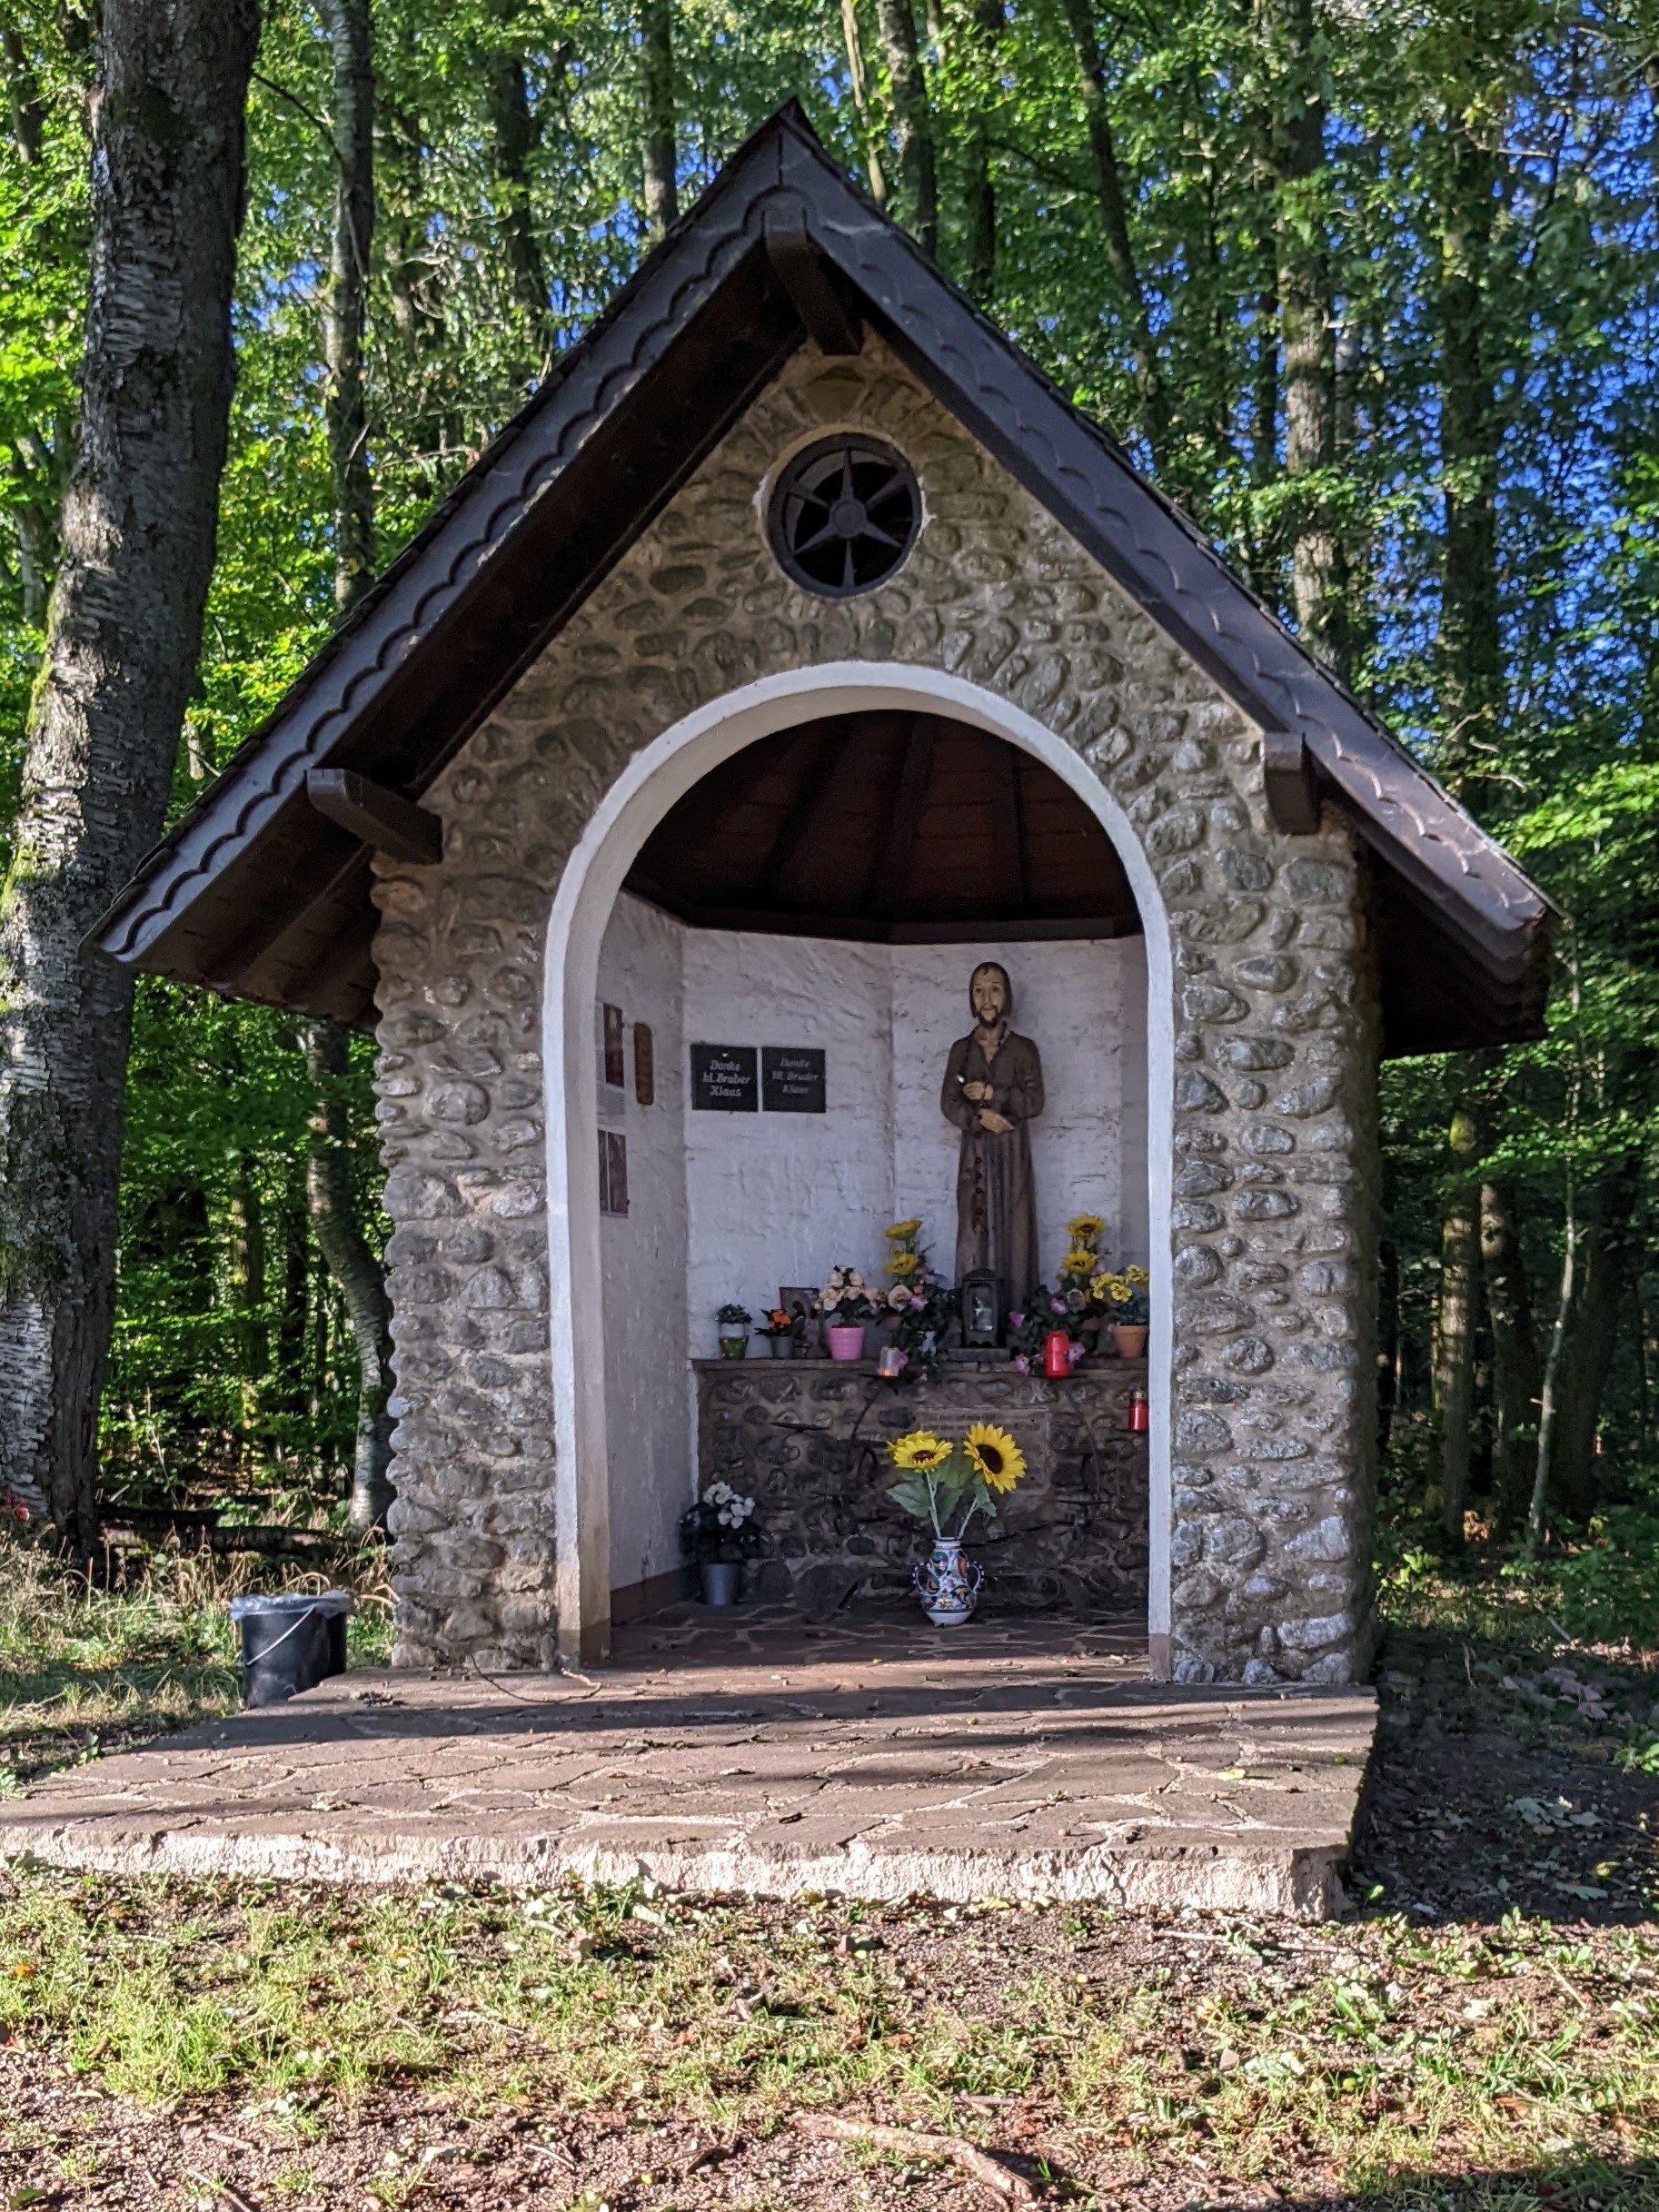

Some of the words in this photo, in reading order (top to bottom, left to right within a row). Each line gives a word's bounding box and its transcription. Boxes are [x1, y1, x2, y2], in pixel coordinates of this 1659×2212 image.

[710, 1059, 740, 1071] Danke
[780, 1057, 810, 1068] Danke
[787, 1071, 820, 1082] Bruder
[710, 1085, 742, 1097] Klaus
[782, 1084, 810, 1094] Klaus
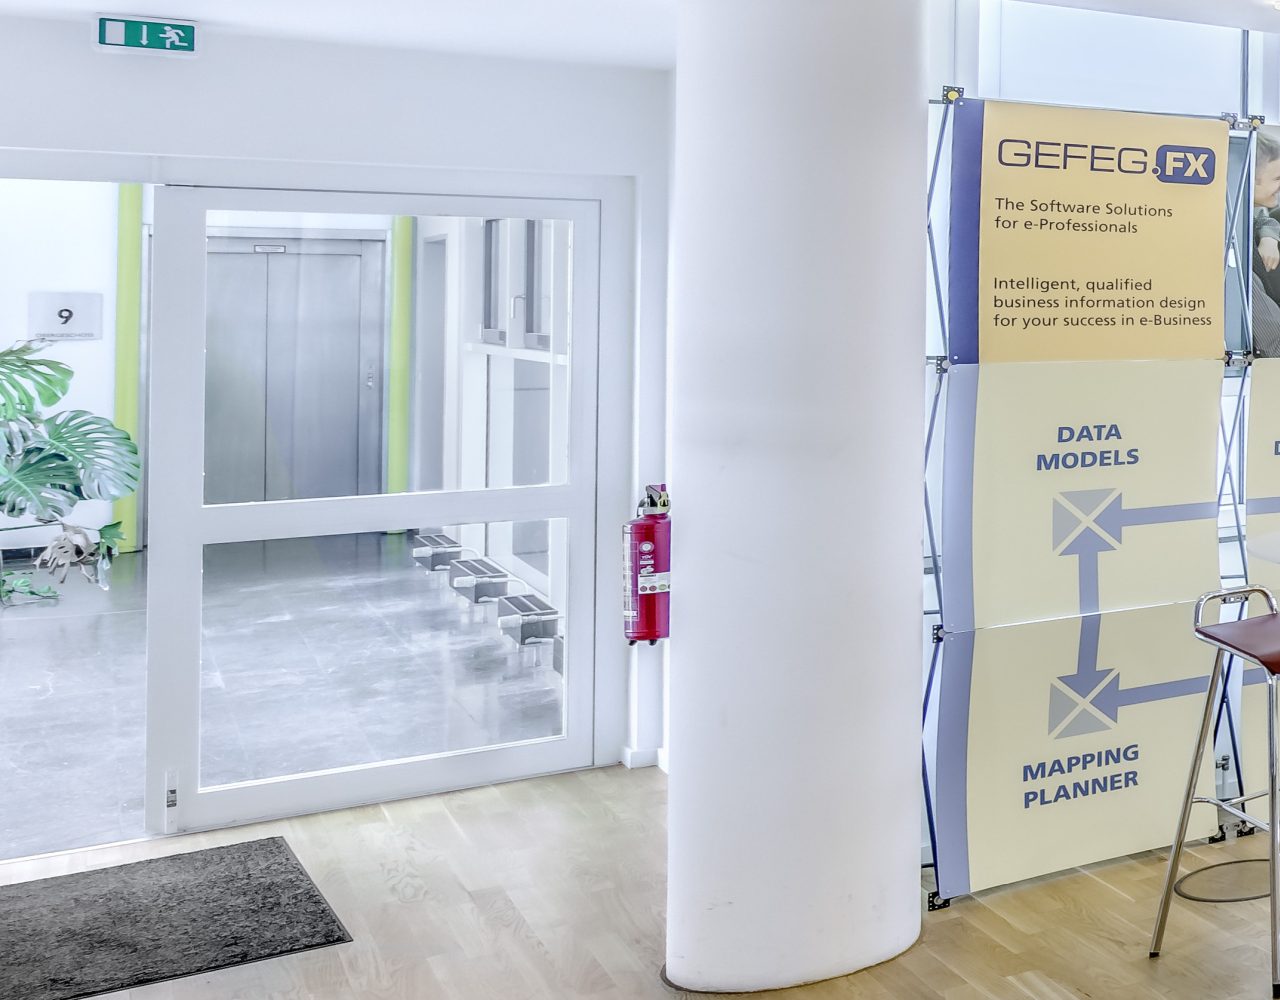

___

# TO DO
Return the material exactly as it reads, though without the pictures it holds.

# RESPONSE AREA
Some of the words in this photo, in reading order (top to bottom, left to right within a row). Each line gives a word's bounding box and its transcription. Boxes are [x1, y1, x2, y2], in pixel coordinates of this 1659×2212 image.

[710, 1059, 740, 1071] Danke
[780, 1057, 810, 1068] Danke
[787, 1071, 820, 1082] Bruder
[710, 1085, 742, 1097] Klaus
[782, 1084, 810, 1094] Klaus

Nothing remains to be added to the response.